Why does the streaming query keep running instead of stopping after processing one batch?

What happens if new data arrives after the initial processing?

Why is there only one processing layer instead of batch and streaming layers?

Visual Quiz - 3 Questions

Test your understanding

Look at the execution_table at step 3, what transformation is applied to the input data?

ACasting raw bytes to string

BFiltering data by condition

CAggregating data by key

DWriting data to storage

Concept Snapshot

Kappa architecture uses a single streaming layer for real-time data processing.
Data flows continuously from source to output.
No separate batch layer is used.
Streaming queries run continuously until stopped.
Ideal for simple, real-time analytics pipelines.

Full Transcript

Kappa architecture focuses on processing data as a continuous stream.
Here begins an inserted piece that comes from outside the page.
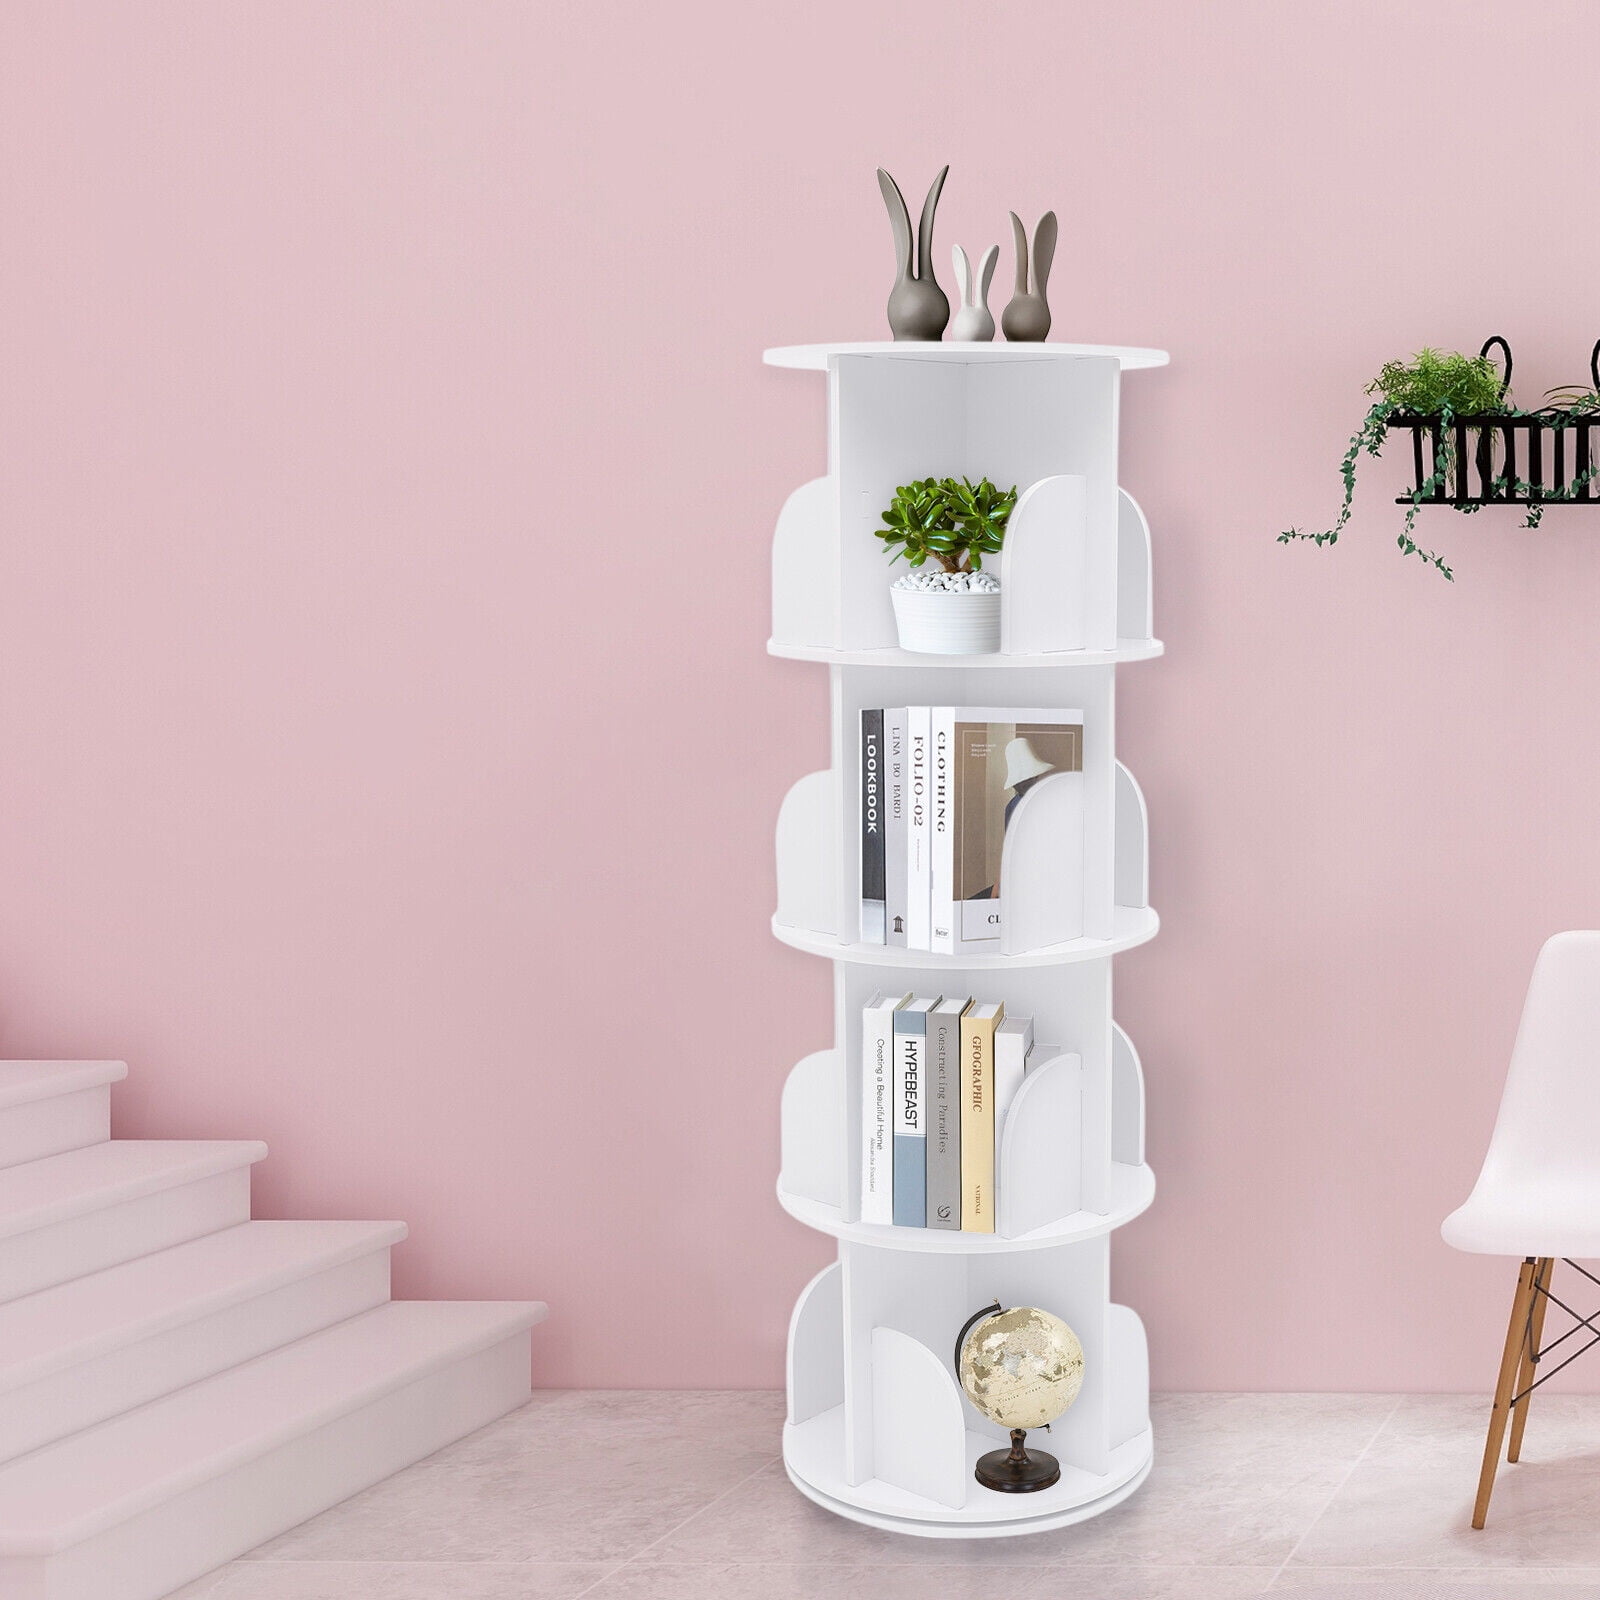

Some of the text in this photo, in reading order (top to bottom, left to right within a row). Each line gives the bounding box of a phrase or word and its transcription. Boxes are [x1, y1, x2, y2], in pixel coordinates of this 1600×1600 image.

Data is ingested from sources like Kafka and processed in a single streaming layer. This layer transforms and outputs data in real-time, without a separate batch layer. The streaming query runs continuously, processing new data as it arrives. The example code shows reading from Kafka, casting data to strings, and outputting to the console. The execution table traces each step from starting Spark to stopping the stream. Variables like streamingDF and query change state as the stream runs. Key moments clarify why streaming runs continuously and why only one processing layer is used. The visual quiz tests understanding of data transformation, output start, and stopping the stream. The snapshot summarizes the core idea: one streaming layer for real-time processing in Kappa architecture.